What the scientists and engineers didn’t want was a repeat of August 6th when Perseverance first drilled, collected, and sealed a rock sample. Everything seemed to be going fine – except that the tube was empty.

“It was definitely a bit of desperation,” said Kenneth A. Farley, professor of geochemistry at the California Institute of Technology and project scientist for the mission, in an interview prior to the final drill attempt. “Everyone was so ready to declare victory. And then someone said: ‘Yes, there is a picture here, there is nothing in the tube.’ It was very sobering. “

The rover looked around with its cameras and saw if the rock core had somehow fallen to the ground. But there was no trace of it. The rock sample had apparently disappeared.

The main concern was that Perseverance’s intricate drilling mechanism had suffered a crippling malfunction and was unable to collect samples at all. But after reviewing the data, the engineers and scientists concluded that it was not the rover but the rock that was to blame.

“The rock just wasn’t our kind of rock,” wrote Ms. Trosper on August 19 in a NASA blog post. The rover’s systems had worked as expected – “pretty well actually,” wrote Ms. Trosper – but the rock was too fragile.

“The drilling resulted in the rock breaking into powder and small fragments of material that were not retained in the pipe because of their size,” said Ms. Trosper.

Dr. Farley admits there have been warning signs that August Rock may not have been the best to try first. Its brown color indicated rust, it contained salts and was full of holes. That meant that it had stood in a lake or groundwater for a very long time. That was possibly a fantastic scientific find. The mineralogical changes caused by water could light up billions of years ago when Mars was wet and habitable.

But even a rusty, salty stone filled with holes can be very brittle. “We learned a lesson,” said Dr. Farley.

The operation on August 6 was not a complete loss. The tube contains sealed, uncontaminated Martian air that the scientists planned to collect at another time.

For the second attempt at drilling on Wednesday, the rover drove about 400 meters up a ridge slightly higher than the surrounding landscape, “and we picked the hardest rock you could find up there,” said Dr. Farley. Nicknamed Rochette, this boulder has stood the test of time and has not been wind eroded, strong evidence that it is not crumbly.

The boulder looks like a piece of hardened lava that can be accurately dated. In this way, scientists can determine the age of this boulder and determine the age of lower, older strata.

“This was a high quality goal,” said Dr. Farley.

It will be more than a decade before Dr. Farley and other scientists get their hands on it. Persistence will likely at some point drop the hermetically sealed tubes onto the Martian surface, waiting to be picked up by a future rover that is still on the drawing board.

This rover will take the rock samples to a small rocket that will take the samples on a trip back to Earth, but they won’t arrive until the 2030s.
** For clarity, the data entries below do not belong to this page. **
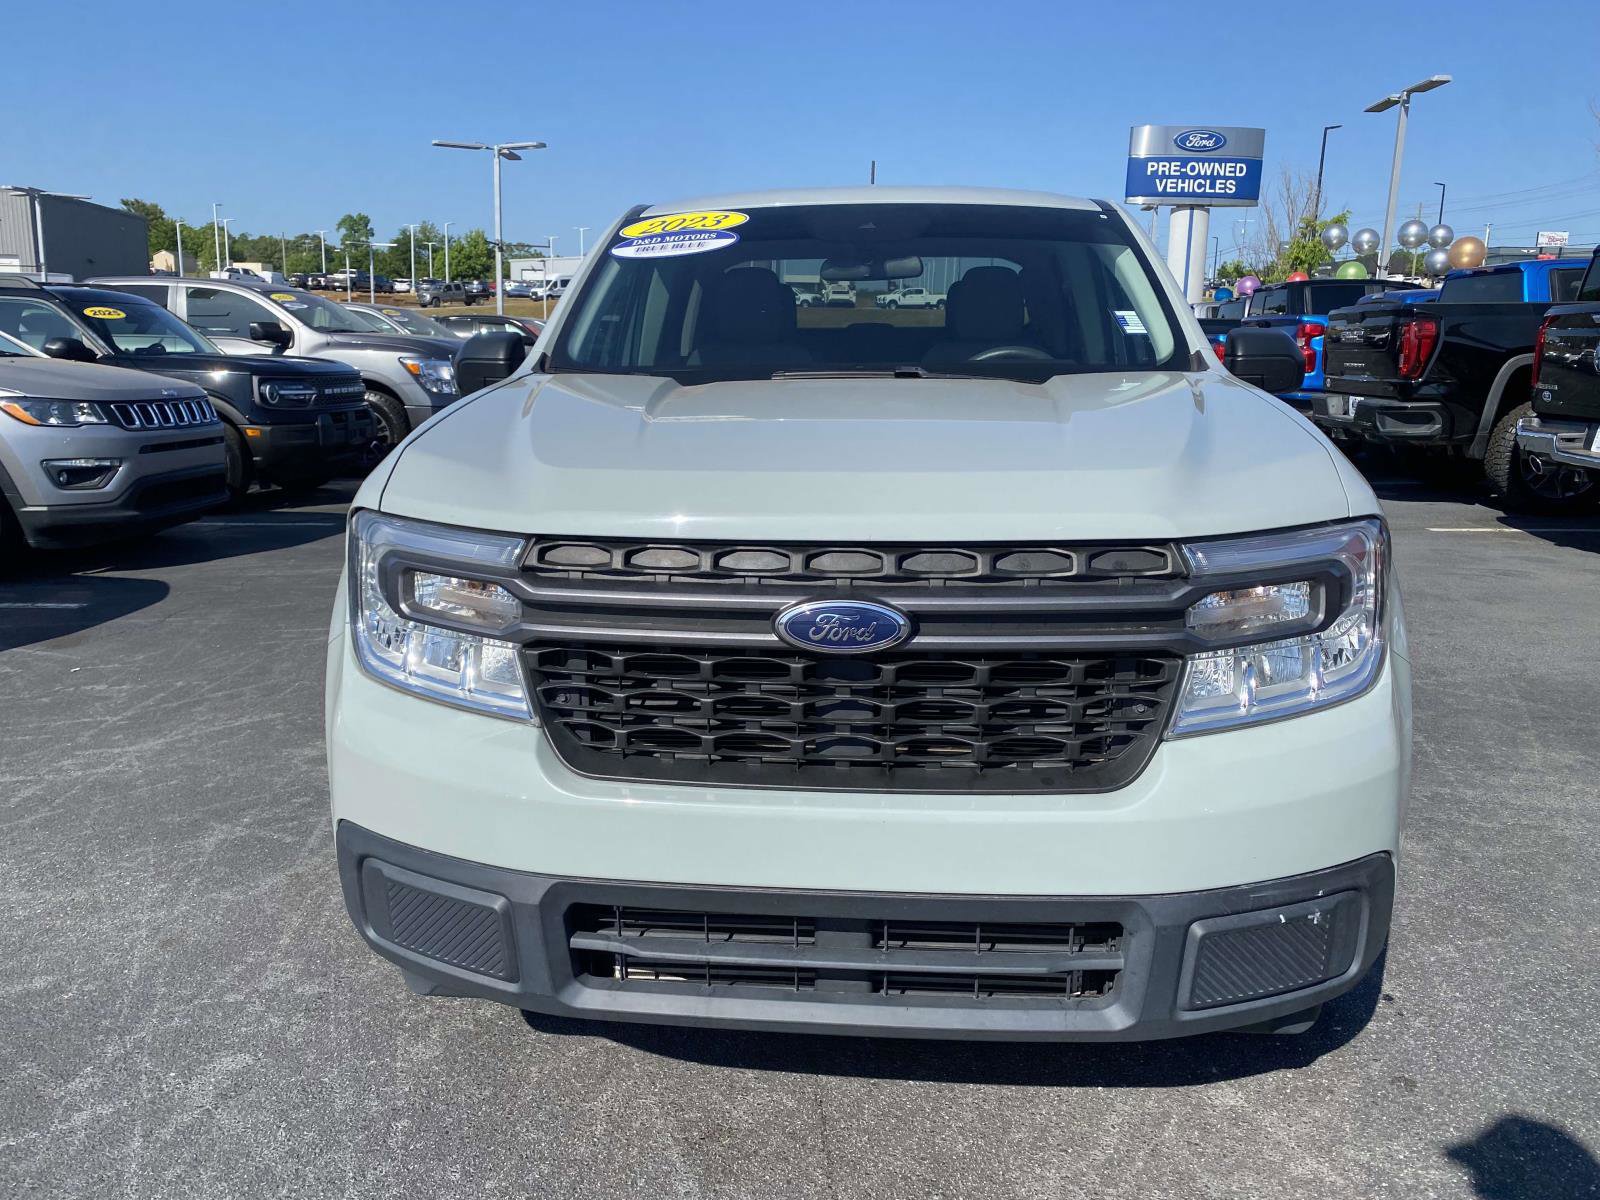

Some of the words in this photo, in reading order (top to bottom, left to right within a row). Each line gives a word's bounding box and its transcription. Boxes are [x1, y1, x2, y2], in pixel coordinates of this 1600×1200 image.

[1186, 133, 1216, 147] Ford
[1146, 161, 1247, 177] PRE-OWNED
[1155, 178, 1236, 194] VEHICLES
[638, 214, 730, 235] 2023
[632, 236, 662, 246] D&D
[663, 232, 718, 243] MOTORS
[671, 240, 706, 250] BLUE
[808, 613, 878, 642] Ford
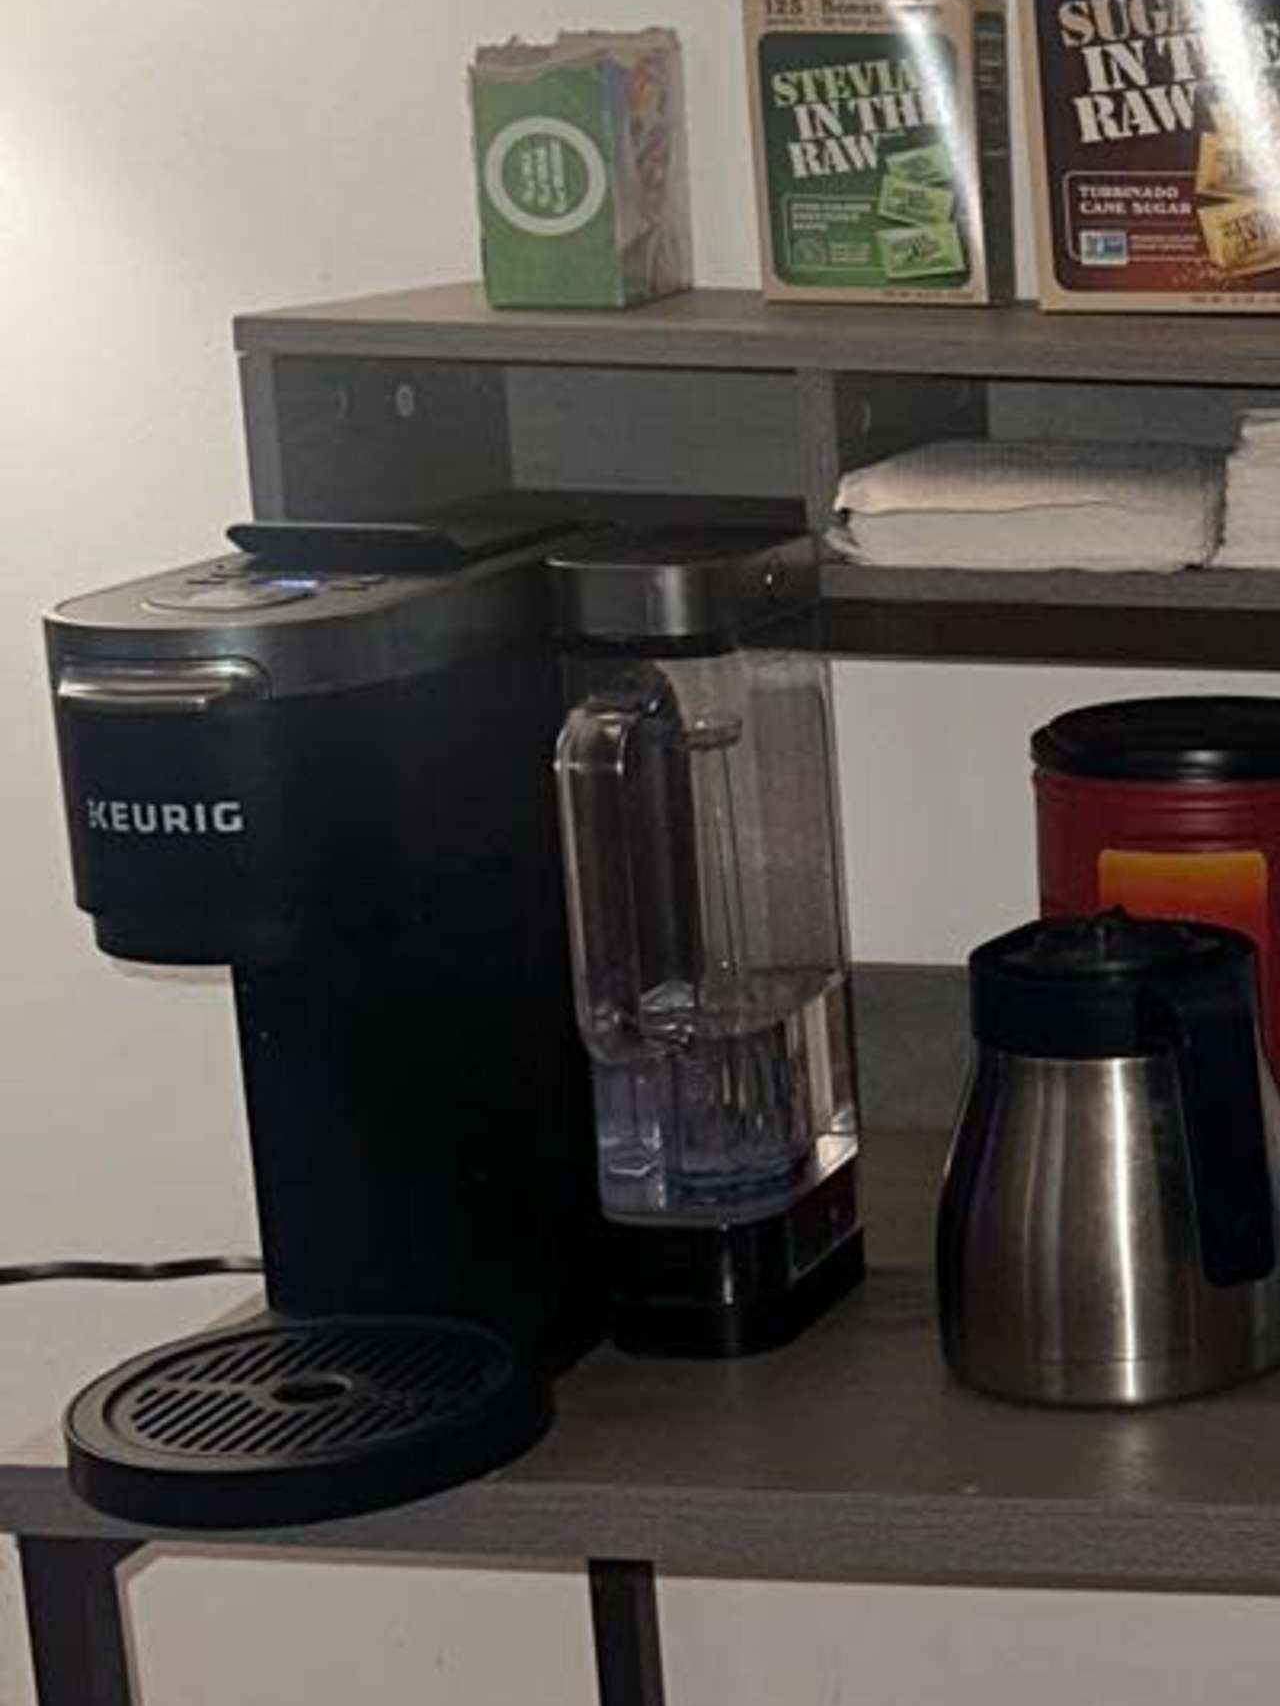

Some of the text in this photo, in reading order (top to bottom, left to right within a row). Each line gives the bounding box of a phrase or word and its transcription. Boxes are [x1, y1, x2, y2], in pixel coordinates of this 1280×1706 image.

[771, 57, 925, 108] STEVIA
[1081, 40, 1150, 93] IN
[793, 97, 844, 141] IN
[1073, 82, 1200, 143] RAW
[787, 133, 880, 179] RAW
[87, 800, 244, 834] KEURIG
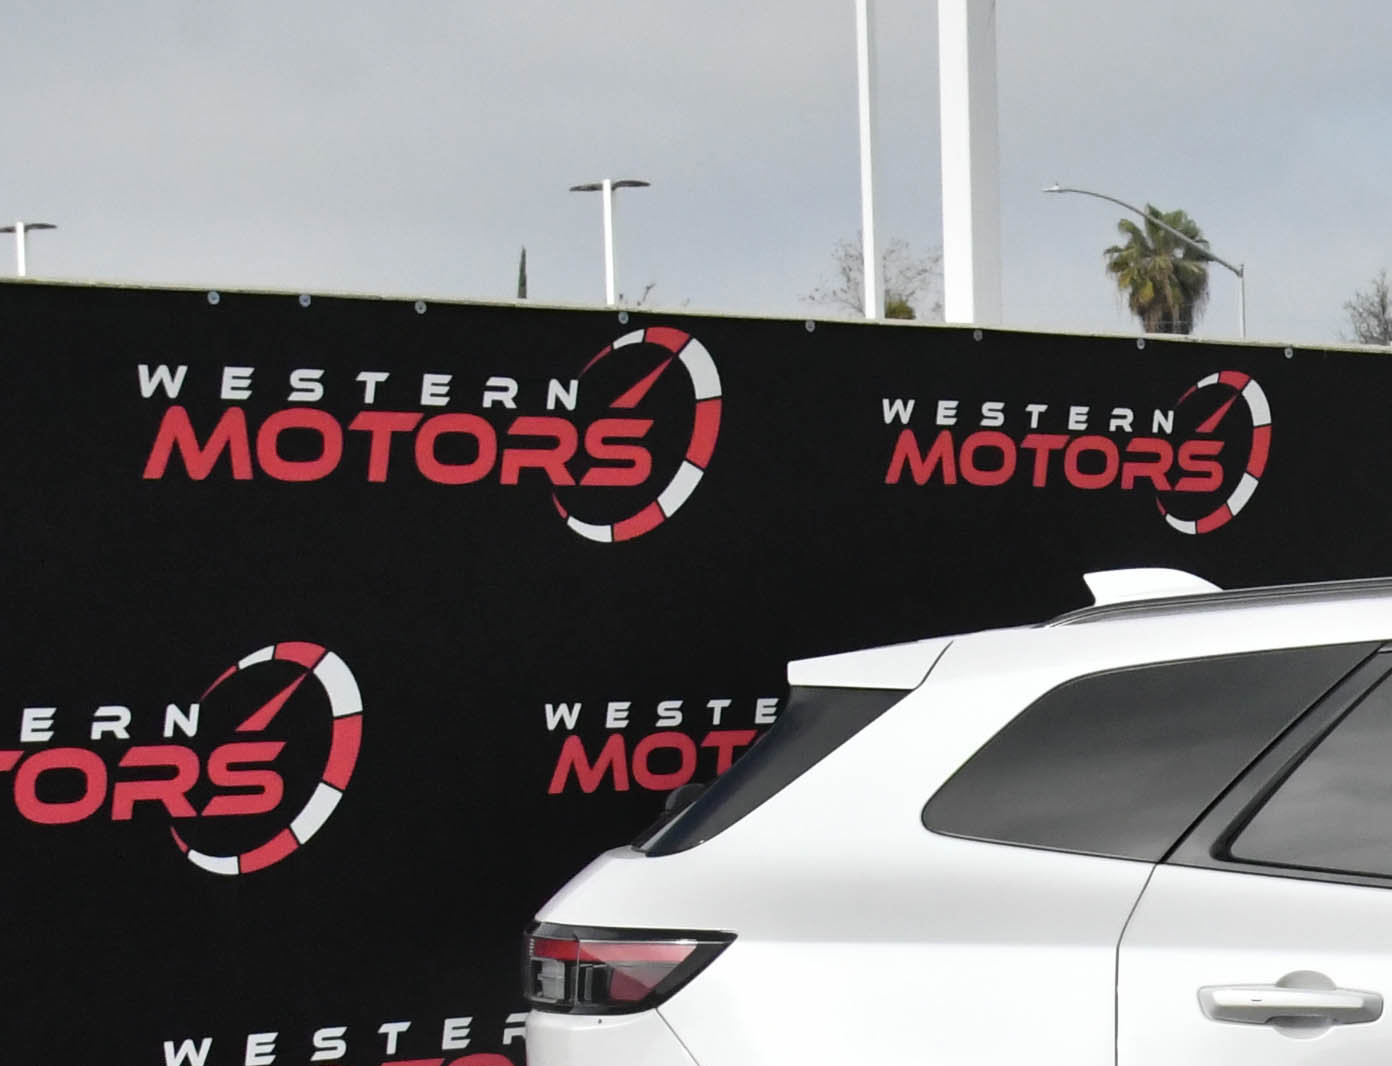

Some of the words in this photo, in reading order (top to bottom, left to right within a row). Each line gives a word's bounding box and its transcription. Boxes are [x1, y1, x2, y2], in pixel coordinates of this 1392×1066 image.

[137, 364, 579, 411] WESTERN
[882, 398, 1174, 434] WESTERN
[143, 404, 654, 487] MOTORS
[885, 428, 1225, 492] MOTORS
[20, 703, 200, 743] ERN
[544, 698, 779, 731] WESTE
[548, 729, 767, 795] MOT
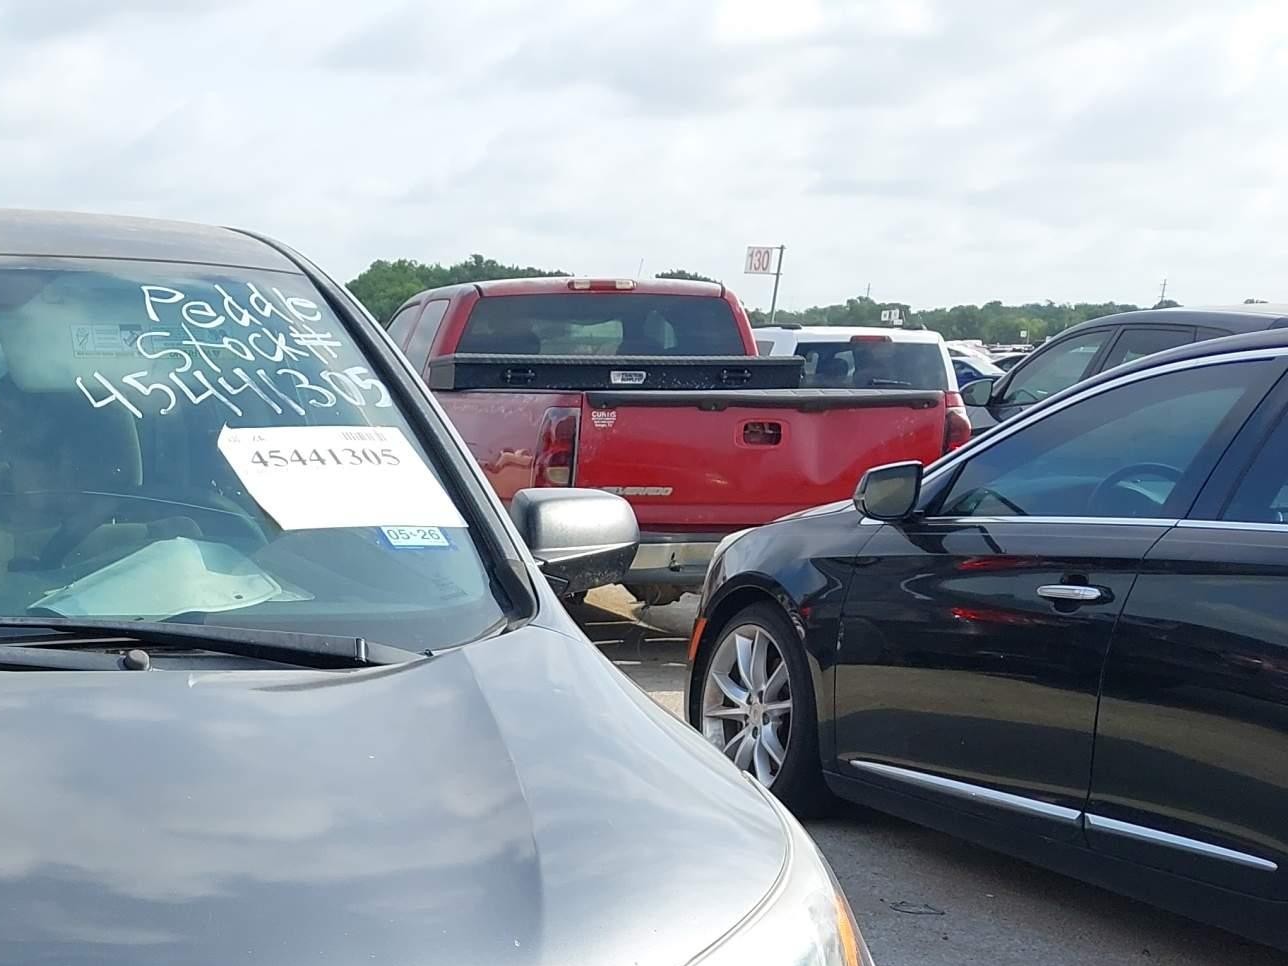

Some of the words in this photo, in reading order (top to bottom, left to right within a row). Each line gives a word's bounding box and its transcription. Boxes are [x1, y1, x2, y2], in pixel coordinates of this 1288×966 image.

[749, 249, 769, 271] 130
[75, 366, 393, 418] 45441305
[251, 448, 400, 467] 45441305
Persistence will continue to explore a 45 kilometer wide crater called Jezero, specifically an old, parched river delta along the western edge. The rover is escorted by a small robotic helicopter called Ingenuity, which was added to the mission to test its ability to fly through the thin air of Mars.

While NASA had planned to leave Ingenuity behind after a series of test flights, it proved so successful that the helicopter, along with Perseverance, continued to follow and act as a scout of the terrain ahead. And it also improves the rover’s scientific mission.

The scientists planned to visit a place that looked impressive in pictures from orbit. “Then we looked at the helicopter pictures,” said Dr. Farley and was less impressed.

“We’re going to save a lot of time by not going there,” he said.